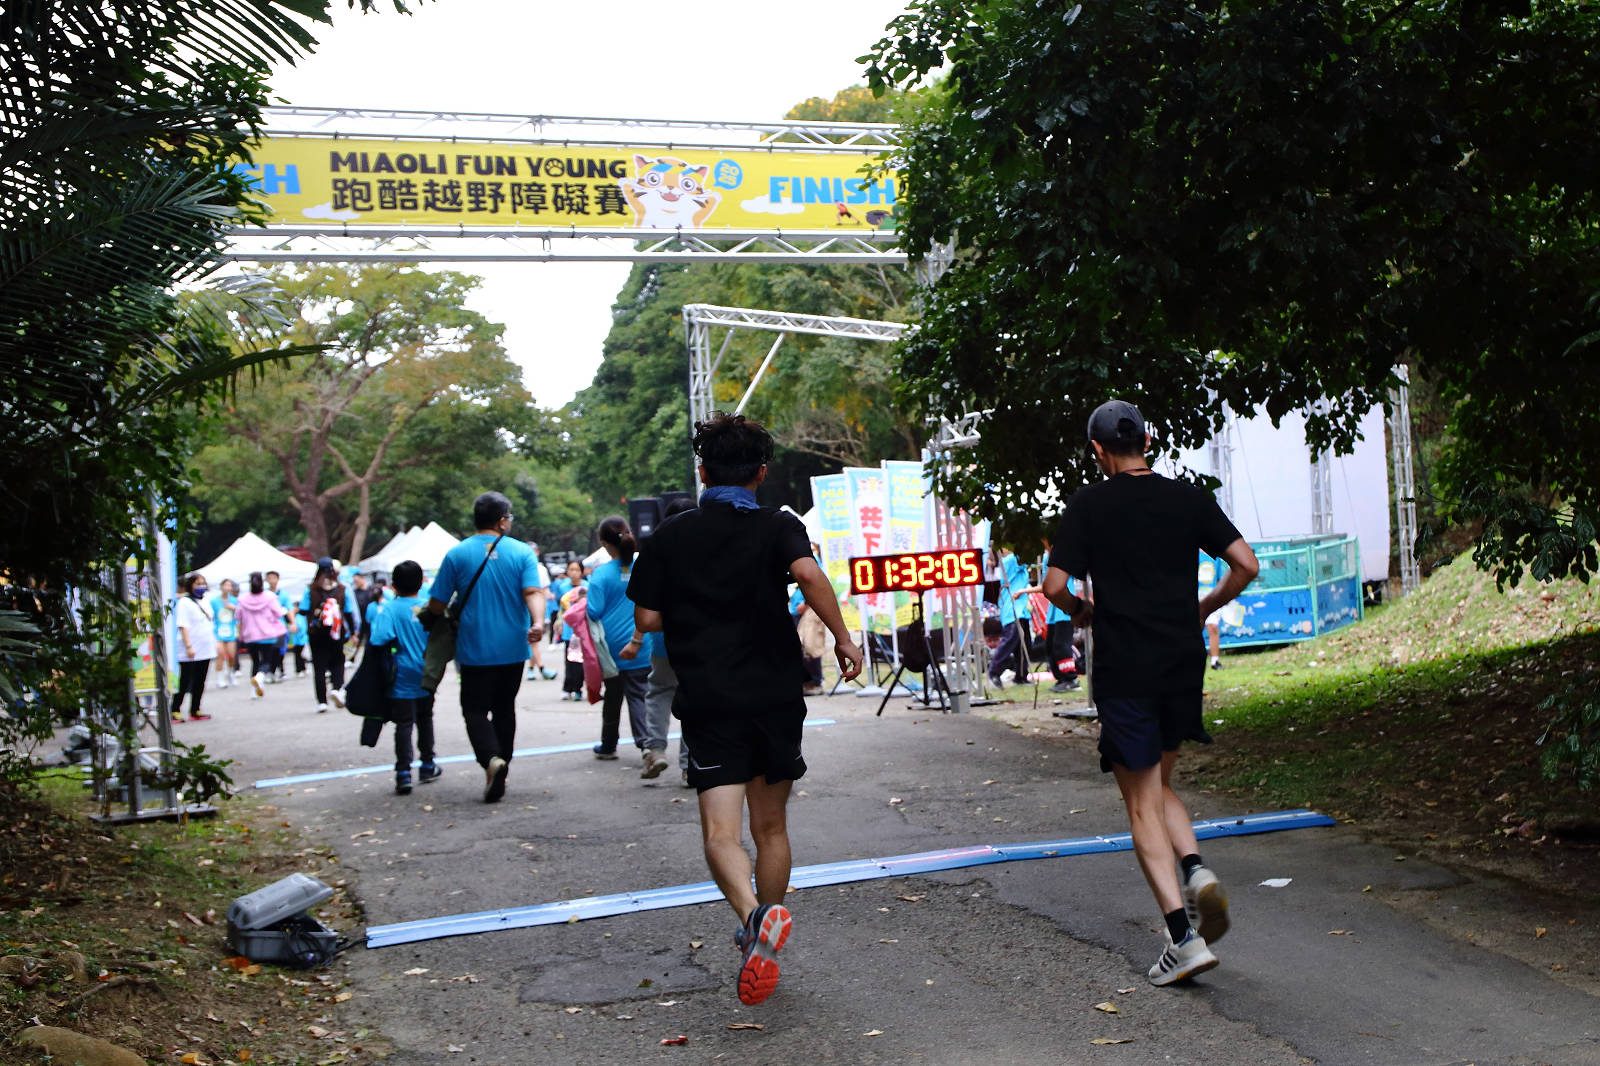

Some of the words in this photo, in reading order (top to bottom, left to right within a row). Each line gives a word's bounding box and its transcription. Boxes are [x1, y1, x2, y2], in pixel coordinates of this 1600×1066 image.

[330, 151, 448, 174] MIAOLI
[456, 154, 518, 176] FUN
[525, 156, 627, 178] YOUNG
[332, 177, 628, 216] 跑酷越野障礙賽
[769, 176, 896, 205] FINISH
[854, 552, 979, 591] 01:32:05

TASK REQUIREMENTS |
An exact transcription of the data above is needed, without the pictures.

WRITTEN ANSWER |
Some of the words in this photo, in reading order (top to bottom, left to right within a row). Each line gives a word's bounding box and its transcription. Boxes are [x1, y1, x2, y2], in pixel coordinates of this 1600×1066 image.

[330, 151, 448, 174] MIAOLI
[456, 154, 518, 176] FUN
[525, 156, 627, 178] YOUNG
[332, 177, 628, 216] 跑酷越野障礙賽
[769, 176, 896, 205] FINISH
[854, 552, 979, 591] 01:32:05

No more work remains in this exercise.